Con Severino Ibba, grande Maestro di ginnastica artistica (il De Castro vinse una finale nazionale di categoria) giocavamo anche a basket. Una volta affrontammo la squadra dei Pirastu, “Ignazio ed i suoi fratelli”. Non vedemmo palla.
Concludo i riferimenti al De Castro segnalando che il responsabile del gabinetto di fisica (funzionava e dalla elettrolisi dell’acqua verificai con i miei occhi che veramente H è doppia di O) era Giovanni Casu, anche famoso arbitro di calcio (talora contestato se non percosso, come successe a Calangianus ed a La Maddalena) e buon velocista che molte cose di atletica ci insegnò.
Una domenica con il famoso oratorio andammo a giocare a pallone ad Arborea, dai salesiani. La squadra di casa schierava al centro dell’attacco un ragazzino di 12 anni che era già alto 1.80.
I sacerdoti che lo seguivano, veri apostoli del credo di Don Bosco (ricordo il mitico parroco don Ruggero Piemontese; l’addetto alle attività culturali don Scocco; l’animatore delle attività sportive don Alessandrini) dissero: “Questo ragazzo si chiama Franco Sar ed ha tutte le doti per diventare un campione”.
Sette anni d’attesa.
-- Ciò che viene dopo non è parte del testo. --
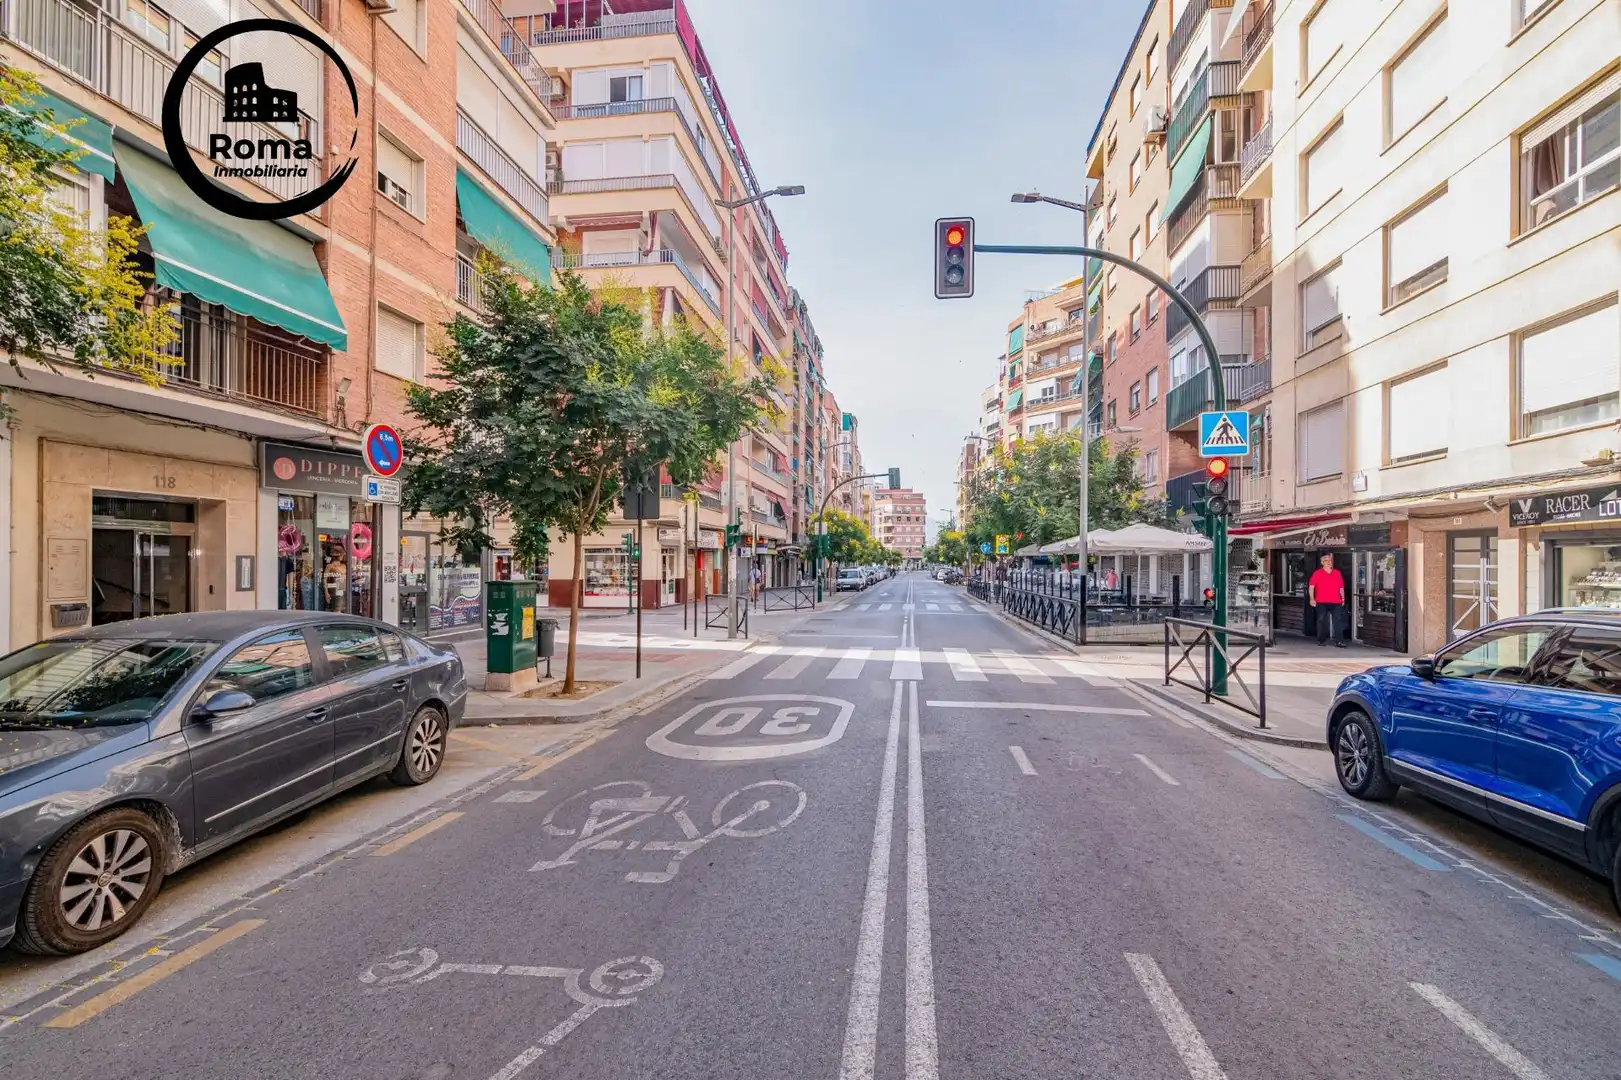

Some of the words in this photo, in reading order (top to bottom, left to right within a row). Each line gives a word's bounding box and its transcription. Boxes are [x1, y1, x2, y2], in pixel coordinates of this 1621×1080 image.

Profezia avverata, ma soltanto parecchi anni: infatti Franco disputò la sua prima gara di atletica nel 1953, ormai quasi ventenne.
Ma raccontiamo le cose con calma.
Franco Sar nasce a Mussolinia il 21 dicembre 1933. Le sue radici sono a Basiliano, un centro della pianura friulana con remote origini slave. Per questo motivo tempo fa definii Sar il più Sardo dei Mitteleuropei ed il più Mitteleuropeo dei Sardi.
La sua famiglia, papà Domenico con mamma Rosa Uliano, si trasferisce in Sardegna dopo la crisi che, a causa della famosa “Quota 90”, mise in ginocchio le piccole imprese produttrici di beni di consumo. Nel 1929 i Sar arrivano in quello che inizialmente si chiamava Villaggio Mussolini dove è stato loro assegnato un lotto di 12 ettari, con residenza nell’ultimo isolato di Strada 14, a 300 metri dal mare. Franco, quarto di sette figli, lavora in campagna: un territorio stagnante sotto il livello del mare, ora un sito fra i più belli e fertili del mondo, che merita il sacro nome di Arborea.
Nelle ore libere Franco è bravissimo ed instancabile nuotatore, si diletta a suonare il clarinetto nella banda diretta dal già citato don Scocco. I ragazzi si sfidano in tutti gli sport ed un giorno l’ormai diciannovenne Franco supera l’asticella collocata ad 1.65. Il fratello maggiore Orlando, attento ad ogni sport, gli consiglia di dedicarsi alla pratica dell’atletica. Si decide di continuare. Ma Arborea non ha strutture idonee a formare e seguire una società di atletica. Si sceglie così di far capo ad Iglesias dove l’atletica è ben seguita.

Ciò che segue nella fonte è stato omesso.